Mandel Ngan | AFP | Getty Images

A top Microsoft executive defended the company’s approach to supporting political campaigns in a meeting with employees on Thursday, according to a transcript of the meeting that CNBC reviewed.

Microsoft President and legal chief Brad Smith said Microsoft is evaluating options for the Microsoft Political Action Committee (MSPAC), which employees criticized because it helped finance the campaigns of Congress members who supported Donald Trump’s unfounded claims of fraud in the 2020 presidential election.

Microsoft employees in the U.S. can give some of their income to the MSPAC, but have no direct say in which candidates it donates to. On Jan. 11 the company said it was putting donations on hold after the Jan. 6 insurrection attempt, when rioters flooded into the U.S. Capitol during the Electoral College vote count that formalized Joe Biden’s win. The MSPAC had donated to several Republican members of Congress who tried to delay the formal Electoral College vote count, despite the complete lack of evidence of widespread voting fraud.
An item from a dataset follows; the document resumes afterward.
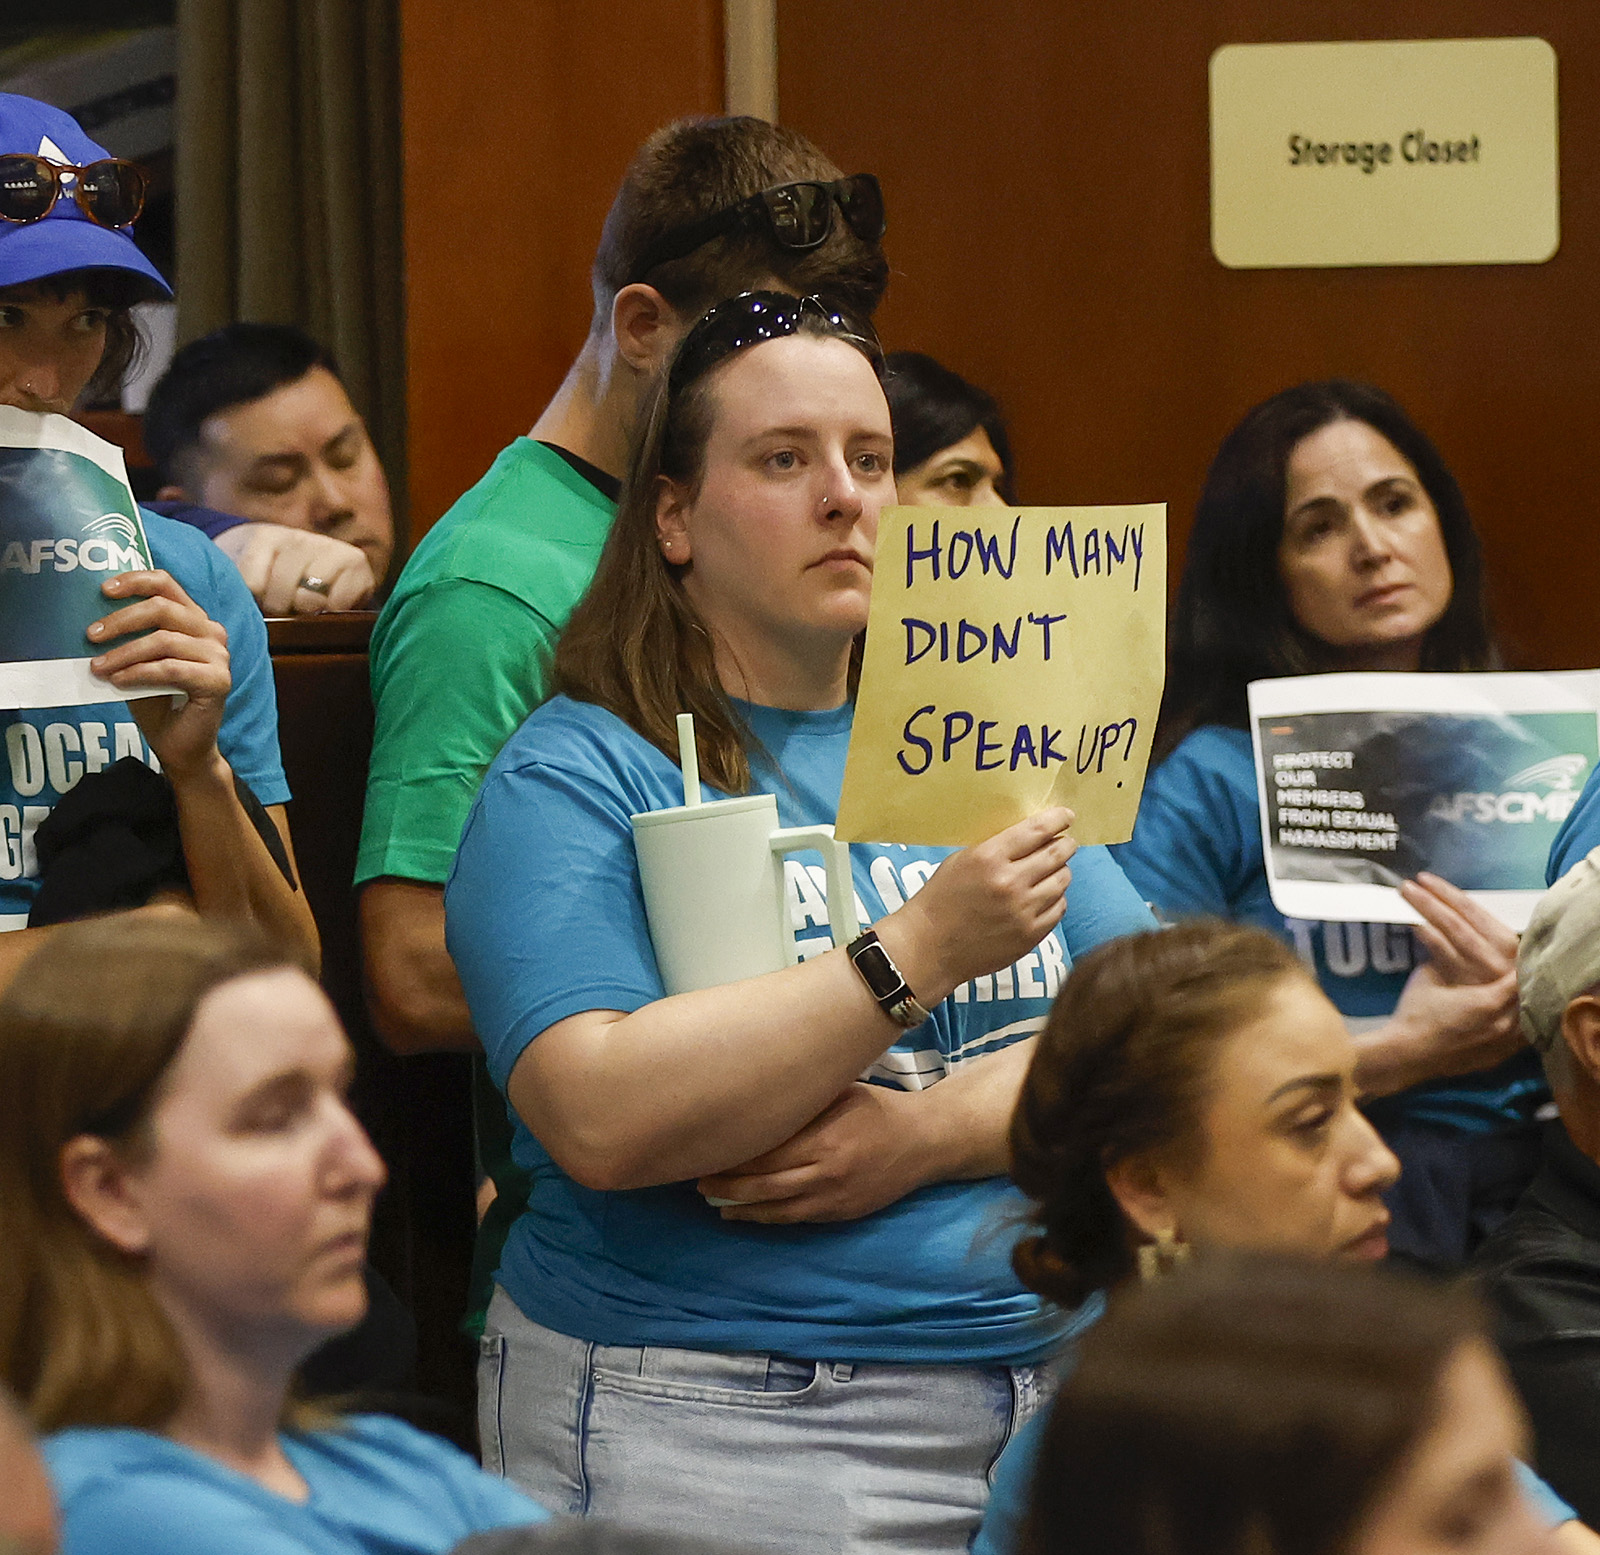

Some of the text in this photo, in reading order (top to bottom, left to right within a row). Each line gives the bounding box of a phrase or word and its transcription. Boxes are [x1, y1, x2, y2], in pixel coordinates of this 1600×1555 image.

Several other companies, including Amazon, Facebook and Google, also temporarily stopped political contributions after the events.

On Jan. 13 one Microsoft employee, Carmen Crincoli, called for the company to stop supporting members of Congress who voted against the Electoral College results, and to stop giving money directly to elected officials and candidates. He said if the company couldn’t do those things, it should close down MSPAC and ask that employees get involved with politics individually.
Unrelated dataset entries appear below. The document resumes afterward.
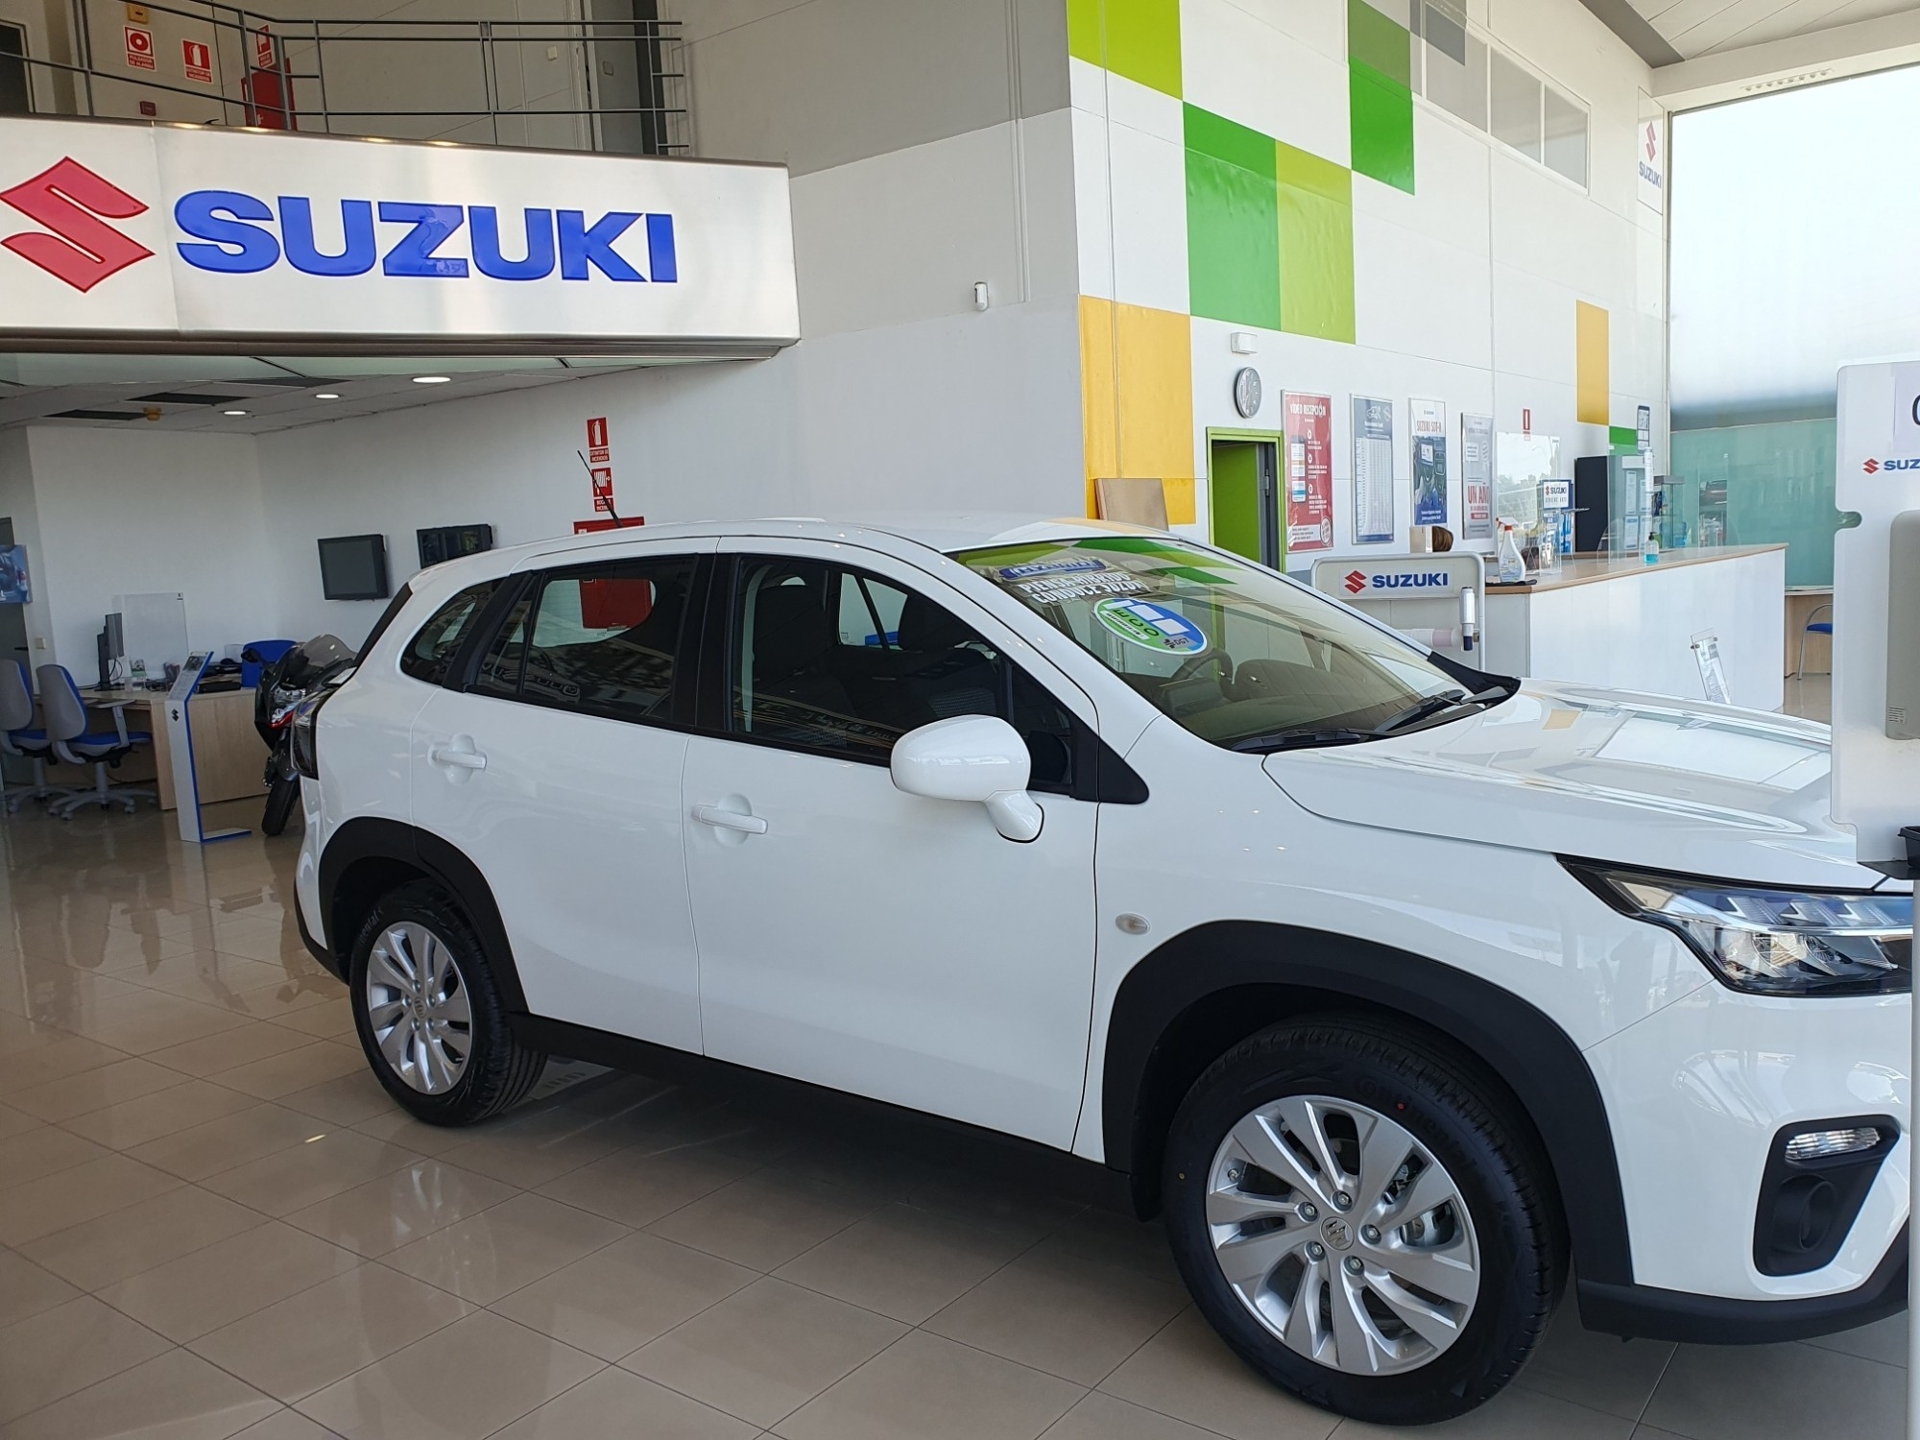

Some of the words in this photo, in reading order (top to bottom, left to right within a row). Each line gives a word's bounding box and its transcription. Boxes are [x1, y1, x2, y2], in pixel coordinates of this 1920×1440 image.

[1639, 161, 1662, 189] SUZUKI
[174, 190, 678, 283] SUZUKI
[1884, 459, 1920, 470] SUZ
[1372, 573, 1449, 588] SUZUKI
[1031, 584, 1102, 604] CONDUCE
[1112, 609, 1160, 637] ECO
Smith, who articulates Microsoft’s position on political topics, addressed the complaints.

“The questions that are being considered are exactly I think what you would expect. Should the PAC suspend donations to the members who voted against the Electoral College? If so, for how long?” Smith said to employees on Thursday.
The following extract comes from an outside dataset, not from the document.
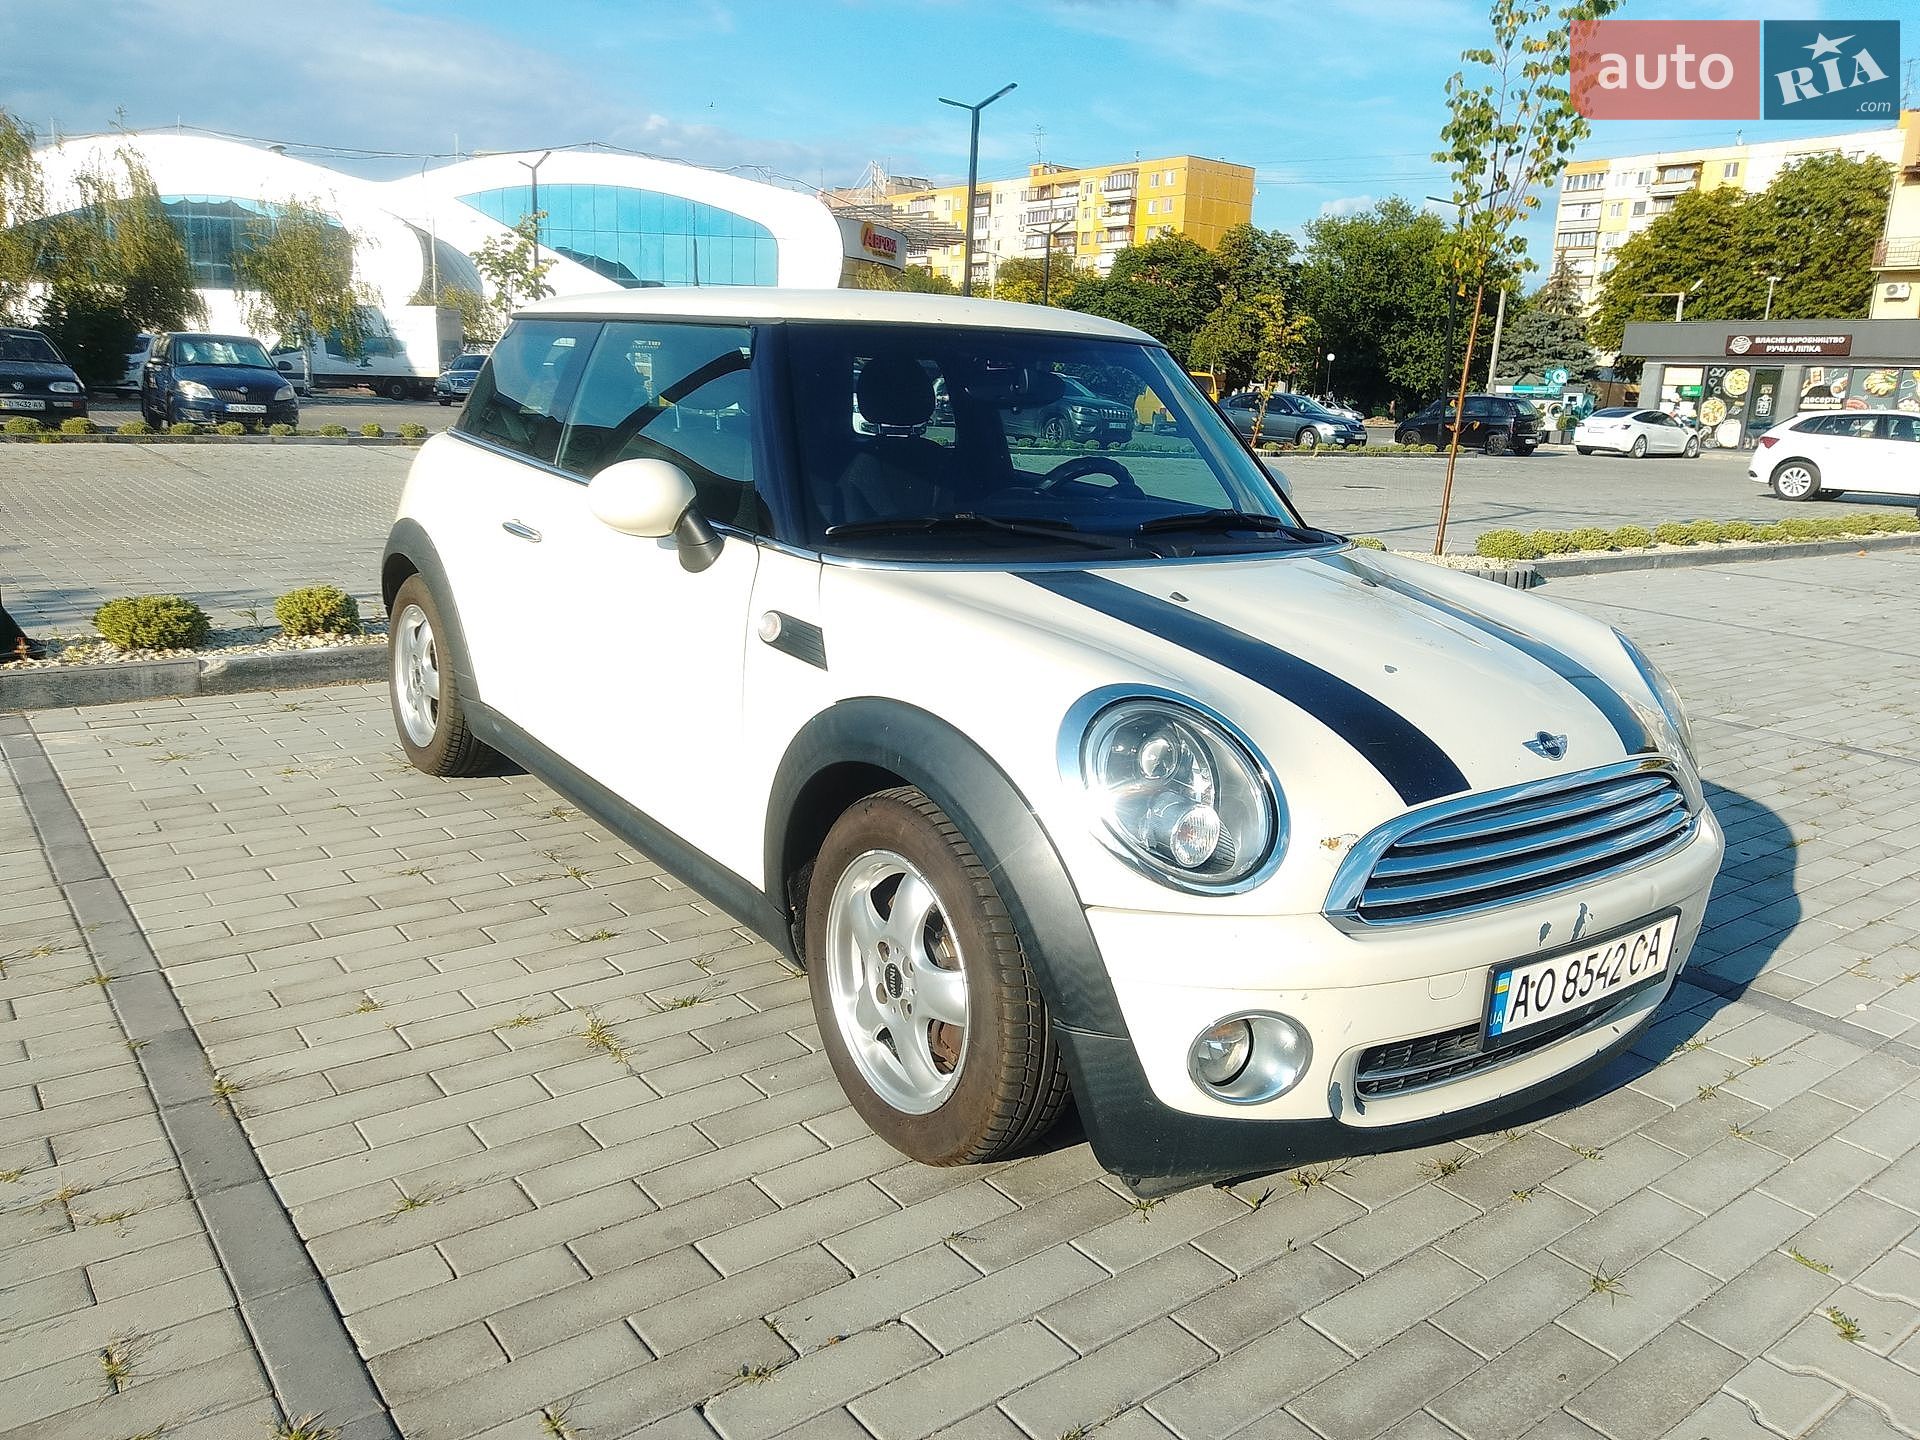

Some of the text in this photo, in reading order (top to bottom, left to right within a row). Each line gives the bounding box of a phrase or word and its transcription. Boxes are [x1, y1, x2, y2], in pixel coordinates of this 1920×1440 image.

[1755, 336, 1846, 345] ВЛАСНЕ ВИРОБНИЦТВО
[1766, 345, 1821, 353] РУЧНА ЛІПКА
[1509, 927, 1662, 1024] AO 8542 CA
[1489, 1010, 1503, 1026] UA
But he also gave an frank explanation of why the MSPAC was important to Microsoft’s interests:

“I can tell you it plays an important role. Not because the checks are big, but because the way the political process works. Politicians in the United States have events, they have weekend retreats, you have to write a check and then you’re invited and participate. So if you work in the government affairs team in the United States, you spend your weekends going to these events; you spend your evenings going to these dinners, and the reason you go is because the PAC writes a check.

“But out of that ongoing effort a relationship evolves and emerges and solidifies, and I can tell you as somebody who sometimes is picking up the phone, I’m sometimes calling members and asking for their help on green cards, or on visa issues, or help to get an employee or family member who is outside the United States during Covid back into the country because of an immigration restriction.

“Or the issues around national security, or privacy, or procurement reform. Or the tax issues that our finance team manages. And I can tell you, there are times when I call people who I don’t personally know, and somebody will say ‘you know, your folks have always shown up for me at my events. And we have a good relationship. Let me see what I can do to help you.'”

Microsoft declined to comment on Smith’s remarks, which were published earlier by Maciej Cegłowski, who runs the social bookmarking website Pinboard.

In 2020 hundreds of Facebook employees participated in a protest over the company’s decision to maintain a posts from former President Donald Trump, and in 2018 Google employees protested a contract the company had to supply cloud services to the Pentagon, prompting the company to not renew the contract.